Few question Pope Benedict XVI’s good will, nor the eloquence of his prose. But for the second time in three years, the Pope has delivered a highly anticipated discourse on the Holocaust that was moving but, by its silence on specific subjects, missed an opportunity of historic proportions.
Welcomed at the Yad Vashem Holocaust memorial early Monday evening, Benedict spoke powerfully of the victims, and called on humanity never to forget the attempt to exterminate the Jews as a way “to ensure that hatred will never reign in the hearts of men again.” But, in a highly unusual criticism of an honored guest’s remarks, Rabbi Israel Meir Lau, chairman of the Yad Vashem council, told Israeli television that though the speech was moving, “Something was missing. There was no mention of the Germans or the Nazis who participated in the butchery, nor a word of regret.” Unlike John Paul II’s speech here in 2000, Benedict also chose not to speak specifically of Christianity’s role in anti-Semitism over the centuries.

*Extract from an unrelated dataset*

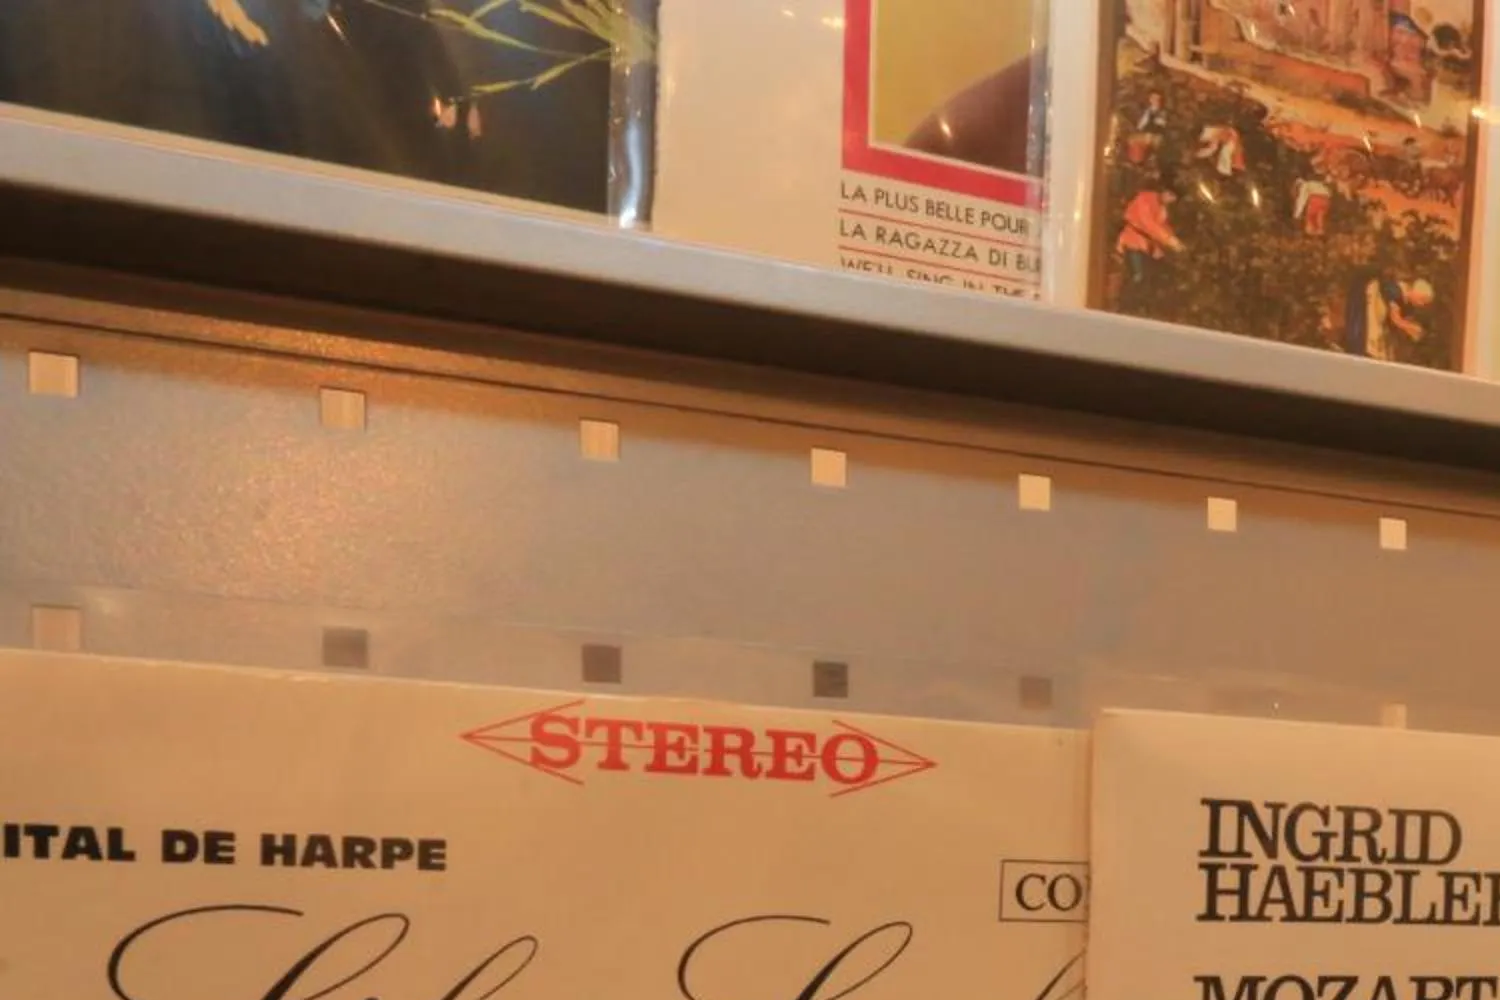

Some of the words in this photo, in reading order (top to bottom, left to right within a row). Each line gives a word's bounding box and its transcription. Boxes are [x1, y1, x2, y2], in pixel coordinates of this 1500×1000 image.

Avner Shalev, the chairman of the memorial, also seemed pained by the Pope’s decision not to cite the origins of the Holocaust, neither its roots in anti-Semitism nor the place where it was launched. “This is a place where we speak of the importance of memory,” Shalev told reporters after the ceremony. “To not specifically mention the perpetrators, the murderers… He missed that point.” Shalev also wondered why the German-born Pope, who was an unwilling conscript into the Hitler Youth, chose to offer no reflections of his personal experience.
Several Holocaust survivors present said it was not their place to pick apart the Pope’s remarks, but there was not the resounding gratitude that John Paul II received upon his visit in 2000. “It was OK. I’m satisfied,” said Ed Mosberg, a Krakow native and New Jersey resident whose parents and two sisters were killed by the Nazis. “It’s important that he came.”
This was the second time Benedict, 82, has gotten decidedly mixed reviews on his handling of a Holocaust-related visit. He had visited the Auschwitz concentration camp in 2006 and poignantly asked, “Where was God” when the Nazis carried out Hitler’s Final Solution. But the same speech hit several sour notes in the ears of Jewish leaders, as the Pope failed to cite anti-Semitism as a cause of the genocide. Instead, he wondered if Christianity wasn’t ultimately Hitler’s final target, and summarily disposed of the complicated moral question of German society’s “collective responsibility” by blaming the systematic extermination of millions of Jews and other innocents on the deeds of a “ring of criminals.” The Bavarian native concluded: “Our people was used and abused as an instrument of [the Nazis] thirst for destruction and power.”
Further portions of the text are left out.